Ciambellone soffice soffice

Guardare un dolce lievitare nel forno è un po’ come assistere a una magia: gli ingredienti si combinano e si trasformano, l’impasto si gonfia somigliando a un respiro, il profumo si spande evocando i ricordi più cari… Per questo motivo, abbiamo deciso di inaugurare l’autunno con una nuova rubrica che vi accompagni davanti a forno e fornelli: “In cucina con Blanc Mariclò”. Ogni volta vi daremo una ricetta e qualche consiglio di stile per fare della cucina il cuore pulsante e magico della vostra casa. E come avrete capito, da buone golose lo faremo a partire da dolci e biscotti, ideali per concedersi una coccola in solitudine o in compagnia.

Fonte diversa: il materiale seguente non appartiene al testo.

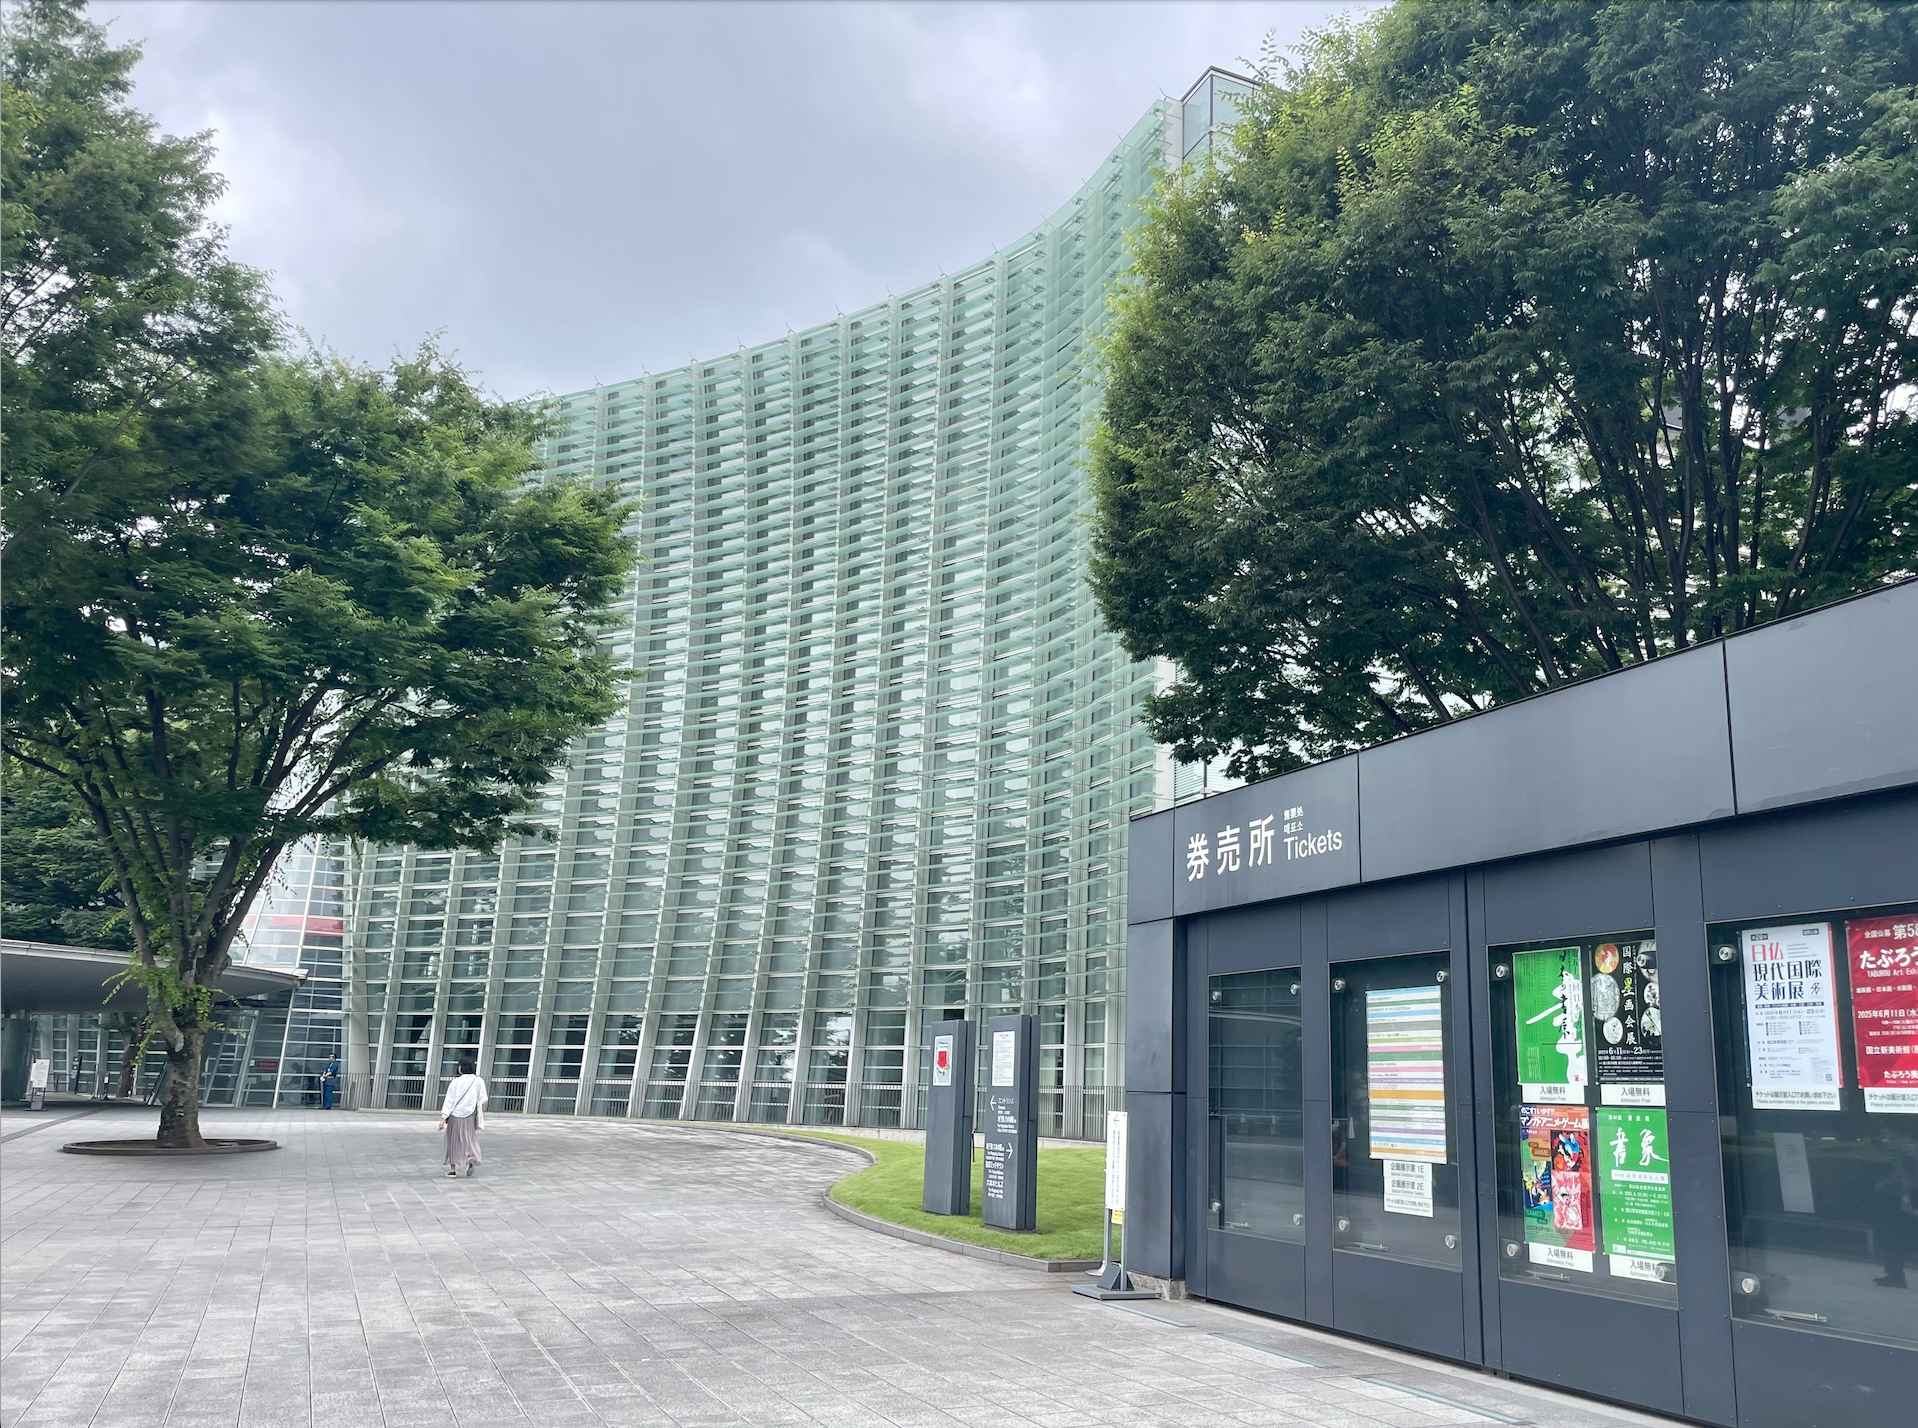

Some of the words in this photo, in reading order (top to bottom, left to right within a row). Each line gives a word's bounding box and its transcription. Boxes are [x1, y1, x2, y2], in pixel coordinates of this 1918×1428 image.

[1283, 820, 1304, 835] 매표소
[1186, 813, 1275, 882] 券売所
[1283, 829, 1343, 861] Tickets
[1751, 942, 1784, 962] 日仏
[1753, 959, 1822, 982] 現代国際
[1621, 945, 1638, 1045] 国際墨画会展
[1754, 980, 1805, 1001] 美術展
[1540, 1086, 1566, 1095] 入場無料
[1621, 1087, 1650, 1097] 入場無料
[1547, 1248, 1573, 1260] 入場無料

La ricetta di oggi (tratta dal portale Ricette della nonna) è il ciambellone soffice soffice: un dolce tradizionale che ben si presta alla colazione come all’ora del the e che, se farcito, può trasformarsi nella gustosa chiusura di un pasto leggero.

Ciambellone_presentazione

Ingredienti

  • 400 gr di farina 00
  • 250gr di zucchero
  • 4 uova
  • 1 bicchiere di latte (150ml circa)
  • 40gr di burro
  • 1 bustina di lievito per dolci (16gr)
  • zucchero semolato o granella di zucchero
  • 1 bacca di vaniglia o la buccia di un limone grattugiata

Preparazione

Separate i tuorli dagli albumi e montate questi ultimi a neve fino a ottenere un composto spumoso.

Unite lo zucchero ai tuorli e montateli per bene con una frusta a mano o elettrica, oppure con un’impastatrice. Aggiungete il bicchiere di latte e amalgamate, quindi unite a poco a poco la farina e il lievito setacciati. Dopo aver amalgamato tutta la farina, continuate unendo al composto il burro spezzettato (a temperatura ambiente).

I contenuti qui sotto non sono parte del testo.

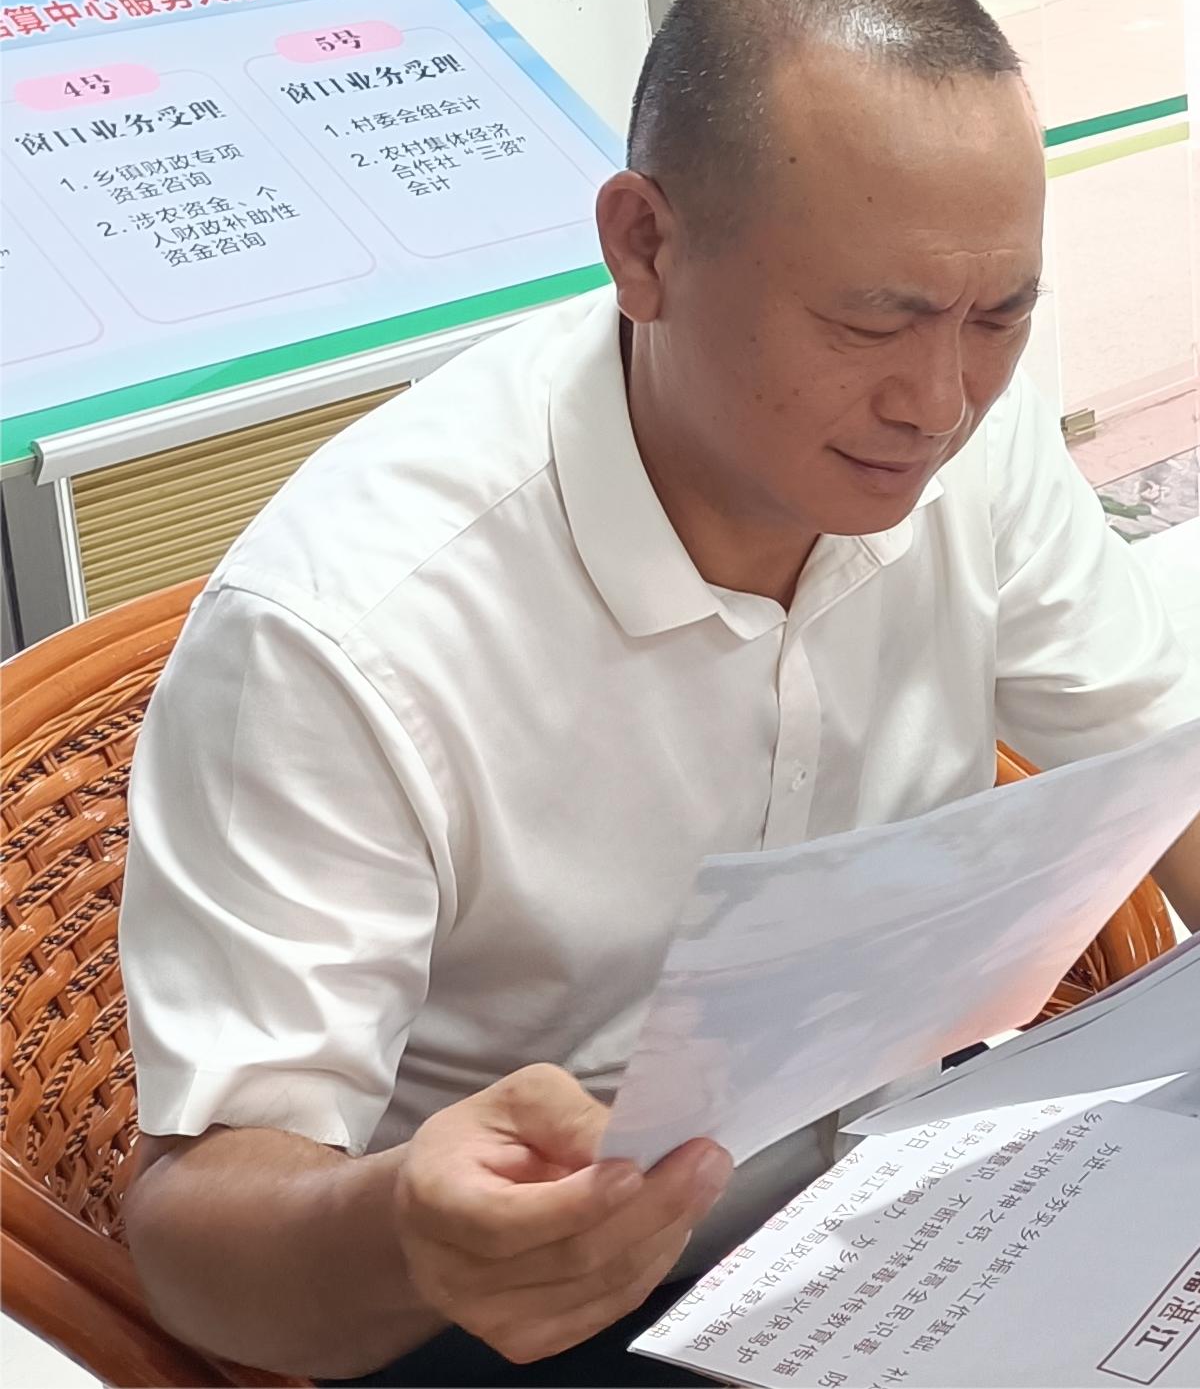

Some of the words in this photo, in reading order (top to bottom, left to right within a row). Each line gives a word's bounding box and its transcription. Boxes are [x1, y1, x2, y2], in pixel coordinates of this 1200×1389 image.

Per dare un buon aroma al ciambellone, potete incorporare all’impasto il contenuto di una bacca di vaniglia (o quello di una fialetta d’aroma di vaniglia) oppure la buccia di un limone (o di un’arancia) grattugiata.

Infine, aggiungete le chiare montate all’inizio. È importante eseguire questo passaggio lentamente e con molta attenzione, dato che da questo dipenderà la morbidezza del vostro ciambellone. Mescolate con delicatezza dal basso verso l’alto aiutandovi con una paletta in silicone fino a unire tutte le chiare.

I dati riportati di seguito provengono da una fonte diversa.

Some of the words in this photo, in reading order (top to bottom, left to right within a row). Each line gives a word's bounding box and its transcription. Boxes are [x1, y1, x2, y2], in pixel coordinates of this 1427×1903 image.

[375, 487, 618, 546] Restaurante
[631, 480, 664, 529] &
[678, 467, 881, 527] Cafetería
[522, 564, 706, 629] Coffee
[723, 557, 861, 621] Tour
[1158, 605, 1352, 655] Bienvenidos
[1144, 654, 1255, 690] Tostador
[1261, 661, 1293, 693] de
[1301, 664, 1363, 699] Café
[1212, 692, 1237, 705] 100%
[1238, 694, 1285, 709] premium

Rovesciate il composto in una tortiera da ciambellone imburrata e infarinata (le dosi di questa ricetta si riferiscono a uno stampo dal diametro di 28cm). Spolverate la superficie con dello zucchero semolato o con della granella di zucchero, e cuocete in forno preriscaldato non ventilato a 180° per circa 40 minuti.

Ciambellone_Mise en place

Presentazione

Al posto della granella di zucchero, abbiamo preferito spolverare il ciambellone con quella spruzzata di zucchero a velo che, agli occhi dei bambini, somiglia a un po’ di neve. Per la presentazione, poi, ci siamo affidate a una delle nostre alzate di vetro, ponendo al centro del dolce un piccolo fiore dai toni naturali e qualche grappolo di ribes. Ed è proprio il colore di questo delicato frutto dalle bacche rotonde ad averci prestato il filo conduttore di una mise en place improntata al rosso, ottenuta utilizzando un runner di velluto della Collezione Céline e dei piatti della linea Floret Full. Il resto è un tocco naturale raccolto fuori dalla porta di casa: un rametto di salvia profumata legata al tovagliolo con un nastrino.

Ciambellone_Mise en place_Piatti

Ciambellone_Mise en place_Zuppiera

Buon appetito e alla prossima ricetta in stile Blanc Mariclò.